Mrs. Julia Ward Howe (1819-1910), a lecturer and leader in reform movements, will be remembered
chiefly as the author of a great warpoem, The Battle Hymn of the Republic. Lucy Larcom (1826-1893),
a worker in the mills at Lowell when her early songs attracted the notice of Whittier, and Mrs. Celia
Laighton Thaxter (1836-1894), daughter of the lighthouse-keeper on the Isles of Shoals, were also typical
New Englanders who found their inspiration in subjects close at hand. Of other New England women
whose verse was notable for literary quality and popular appeal, the following should be mentioned:
Mrs. Harriet Prescott Spofford (1835-1921), Mrs. Louise Chandler Moulton (1835-1908), Mrs. Julia
C. R. Dorr (1825-1913), born in South Carolina, but making her home in Vermont, Mrs. Annie A. Fields
(1834-1915), the wife of James T. Fields, and Edna Dean Proctor (1838- ). A larger distinction attends
the literary career of Mrs. Helen Fiske Jackson (1831-1885), before her second marriage Helen Hunt,
whose signature "H. H." was familiar to the readers of a generation ago. Mrs. jackson was born at
Amherst, Massachusetts. Her poems, issued in 1870, placed her at the head of the women writers of
verse in America. The last ten years of Mrs. Jackson's life were spent in Colorado and California. Her
interest in the Indians and her intense sympathy with them in their wrongs led to the publication of her
Century of Dishonor (1881), a book which bore fruit in the official appointment of Mrs. Jackson as special
examiner to the mission Indians in California; and eventually in her striking novel, Ramona (1884). A
group of rather remarkable short stories by "Saxe Holm," published in two series (1873, 1878), although
unacknowledged, are usually attributed to Helen Hunt Jackson.

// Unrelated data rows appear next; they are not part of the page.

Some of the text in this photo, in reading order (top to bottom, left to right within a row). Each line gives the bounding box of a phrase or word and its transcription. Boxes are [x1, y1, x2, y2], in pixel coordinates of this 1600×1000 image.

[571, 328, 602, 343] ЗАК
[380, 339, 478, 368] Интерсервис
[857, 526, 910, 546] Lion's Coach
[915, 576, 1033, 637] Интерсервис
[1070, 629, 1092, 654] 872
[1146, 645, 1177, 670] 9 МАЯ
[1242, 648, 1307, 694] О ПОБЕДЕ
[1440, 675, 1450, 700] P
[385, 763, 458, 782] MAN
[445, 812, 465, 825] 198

The poems of Emily Dickinson (1830-
1886) are remarkable productions, which have commanded recognition by our highest literary critics.
Miss Dickinson was a townswoman of Helen Fiske, and her life was spent at Amherst largely in seclusion.
Only a few intimate friends were aware of her poetical gift, and her verses were not published until 1890,
four years after her death.
The Middle West.
John Hay (1838-1905), distinguished as a diplomatist and statesman, was born in Indiana. He began
the practice of law in Illinois in 1861, and became the private secretary of President Lincoln. In collaboration
with John G. Nicolay he afterward wrote the authoritativeAbraham Lincoln; a History (1886-1890). His
literary fame, however, is based upon a slender volume of Pike County Ballads (1871) which, strong
in local color, portray the rough virtues of the Mississippi Valley in the early days. There is a finer quality
of elegance and grace -- with less originality -- in the later verse of his Castilian Days (1871) and Poems
(1890). A strong and successful novel, The Breadwinners (1884), attributed to John Hay, was never
publicly acknowledged.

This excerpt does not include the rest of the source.